Accepted for publication 22 February 2023

Published 29 April 2023 Volume 2023:16 Pages 1191—1201

DOI https://doi.org/10.2147/JMDH.S400917

Checked for plagiarism Yes

Review by Single anonymous peer review

Peer reviewer comments 2

Editor who approved publication: Dr Scott Fraser



Hou-Hsun Liao,1– 3 Hsiao-Tien Chen,4 Hanoch Livneh,5 Hua-Lung Huang,6 Ning-Sheng Lai,7,8 Ming-Chi Lu,7,8 Chia-Chou Yeh,1,2,9 Tzung-Yi Tsai3,10,11

1Graduate Institute of Chinese Medicine, School of Chinese Medicine, College of Chinese Medicine, China Medical University, Taichung, Taiwan; 2Department of Chinese Medicine, Dalin Tzuchi Hospital, The Buddhist Tzuchi Medical Foundation, Chiayi, Taiwan; 3Department of Nursing, Tzu Chi University of Science and Technology, Hualien, Taiwan; 4Department of Chinese Medicine, Chi Mei Medical Center, Tainan, Taiwan; 5Rehabilitation Counseling Program, Portland State University, Portland, OR, USA; 6Department of Rehabilitation, Dalin Tzuchi Hospital, The Buddhist Tzuchi Medical Foundation, Chiayi, Taiwan; 7School of Medicine, Tzu Chi University, Hualien, Taiwan; 8Division of Allergy, Immunology and Rheumatology, Dalin Tzuchi Hospital, The Buddhist Tzuchi Medical Foundation, Chiayi, Taiwan; 9School of Post-Baccalaureate Chinese Medicine, Tzu Chi University, Hualien, Taiwan; 10Department of Environmental and Occupational Health, College of Medicine, National Cheng Kung University, Tainan, Taiwan; 11Department of Medical Research, Dalin Tzuchi Hospital, The Buddhist Tzuchi Medical Foundation, Chiayi, Taiwan

Correspondence: Chia-Chou Yeh; Tzung-Yi Tsai, Tel +886-5-2648000-8713 ; +886-5-2648000 ext. 3209, Fax +886-5-2648006, Email [email protected]; [email protected]

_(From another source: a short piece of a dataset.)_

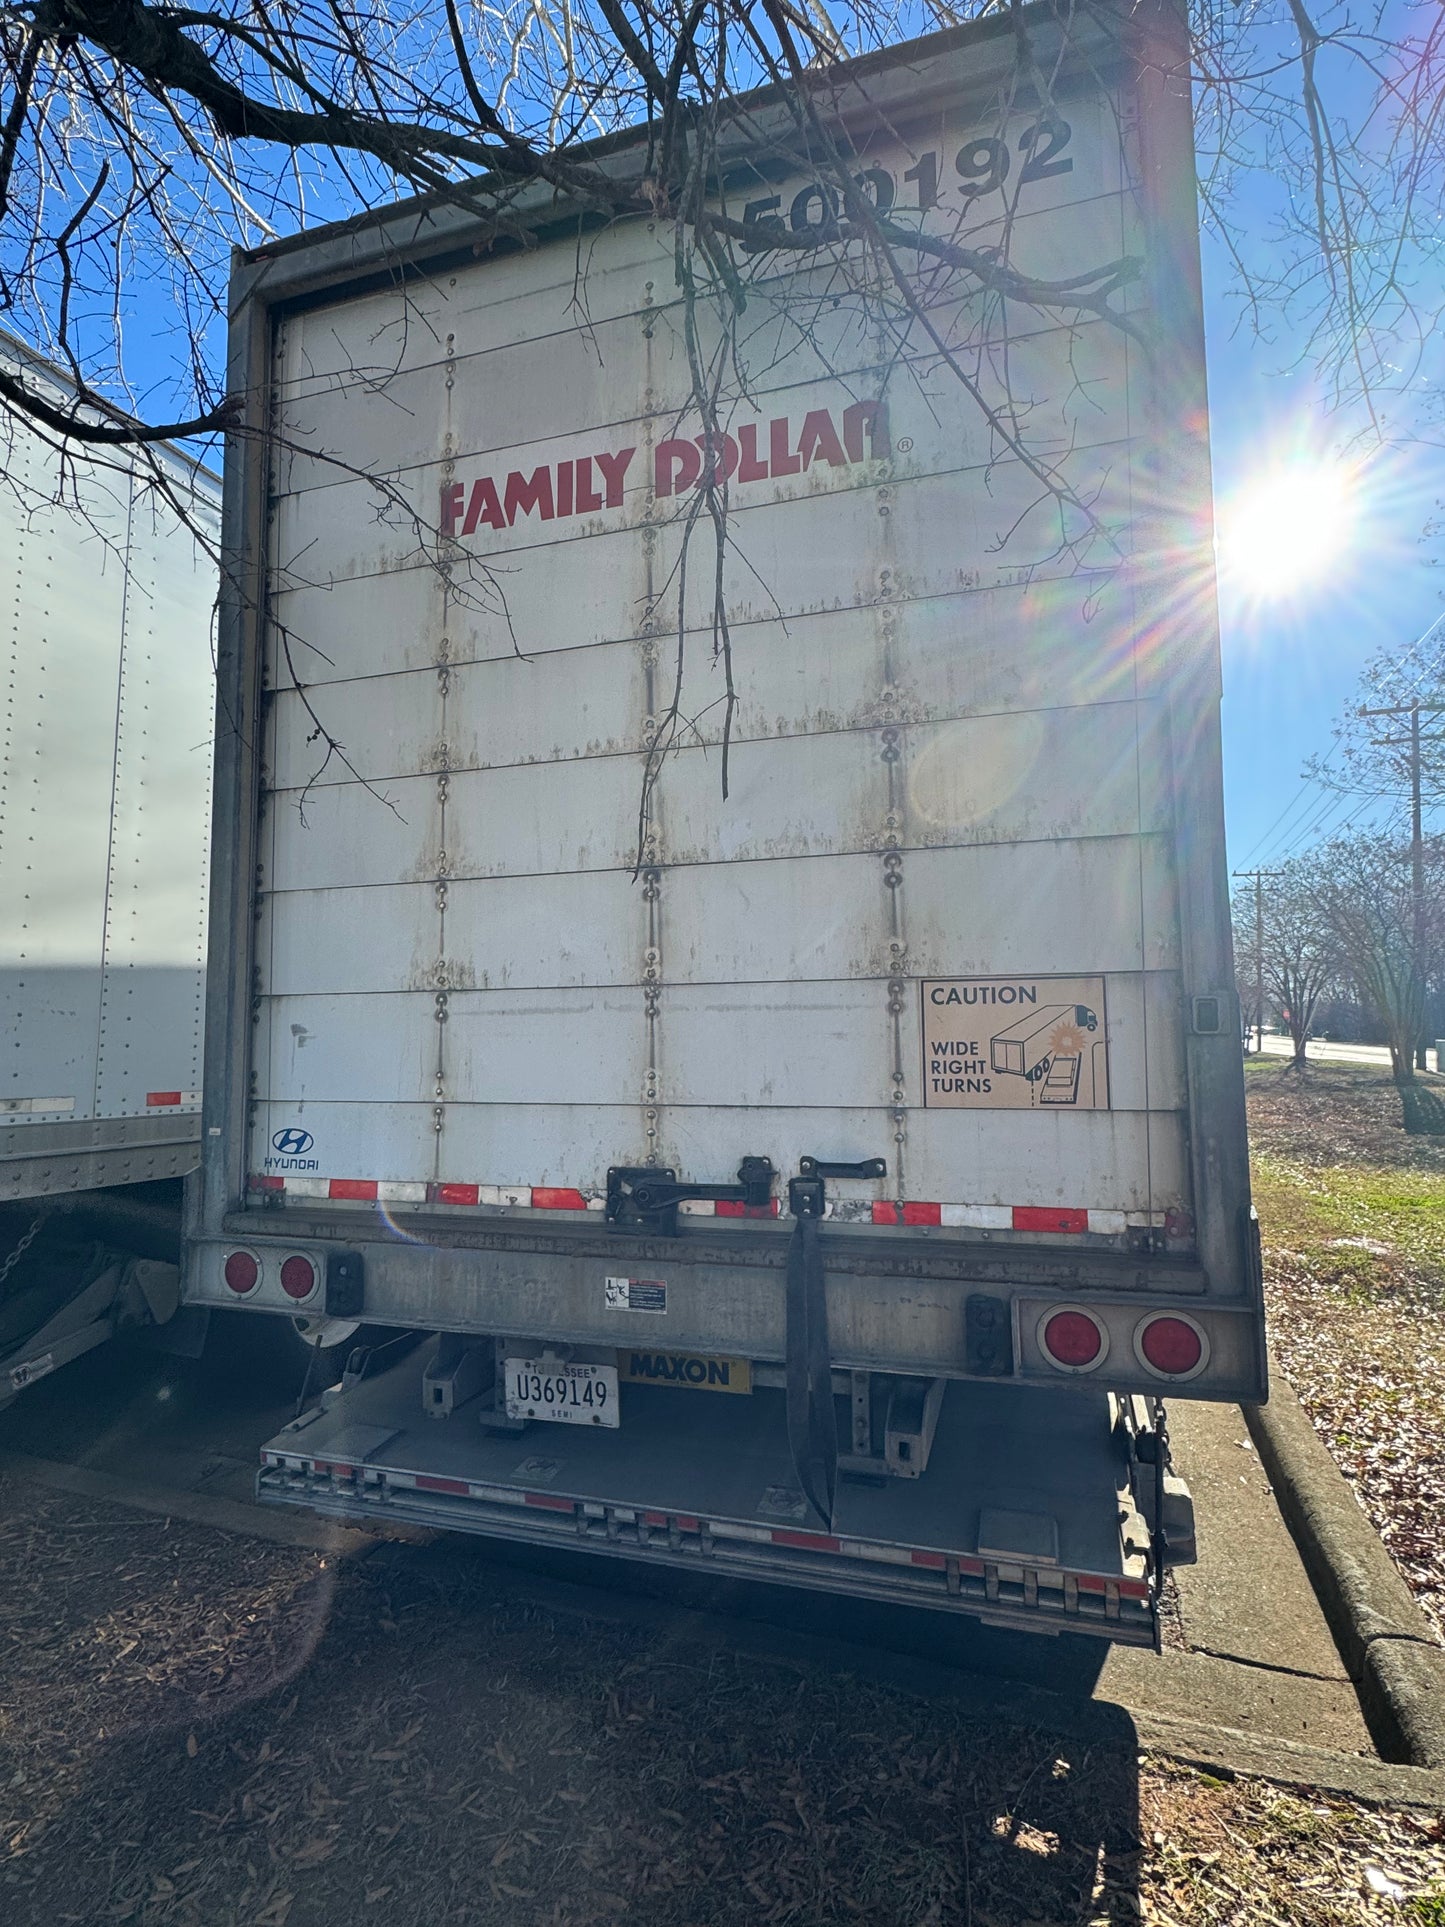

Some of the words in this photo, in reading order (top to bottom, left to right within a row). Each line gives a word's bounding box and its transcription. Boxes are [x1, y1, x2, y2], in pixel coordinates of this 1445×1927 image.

Objective: Non-steroidal anti-inflammatory drugs (NSAIDs) are frequently used as the first-line agents for the symptomatic relief of rheumatoid arthritis (RA), but it may insidiously provoke the onset of renal diseases, especially chronic kidney disease (CKD). While Chinese herbal medicine (CHM) has become an increasingly popular adjunctive therapy among RA groups, there are currently no available data on the effect of CHM use towards risk of CKD. This study aimed to explore on a population-level whether CHM use decreases sequent CKD risk among them.
Methods: In this nested case–control study retrieved from the nationwide insurance database of Taiwan from 2000 to 2012, we looked at the association between CHM use and the likelihood of developing CKD, with a focus on usage intensity. Cases with CKD claims were defined and matched to one randomly selected control case. Conditional logistic regression was then applied to estimate odds ratio (OR) of CKD from CHM treatment measured before the index date. For each OR, we calculated a 95% confidence interval for CHM use relative to the matched control.
Results: This nested case–control study included 5464 patients with RA, where after matching comprised 2712 cases and 2712 controls. Among them, there were 706 and 1199 cases that ever received CHM treatment, respectively. After the adjustment, CHM use in RA individuals was related to a lower likelihood of CKD, with an adjusted OR of 0.49 (95% CI: 0.44– 0.56). Additionally, a dose-dependent, reverse association was found between the cumulative duration of CHM use and risk of CKD.
Conclusion: Integrating CHM into conventional therapy may reduce the likelihood of developing CKD, which could be a reference in instituting novel preventive strategies to improve treatment outcomes and reduce related fatalities for RA subjects.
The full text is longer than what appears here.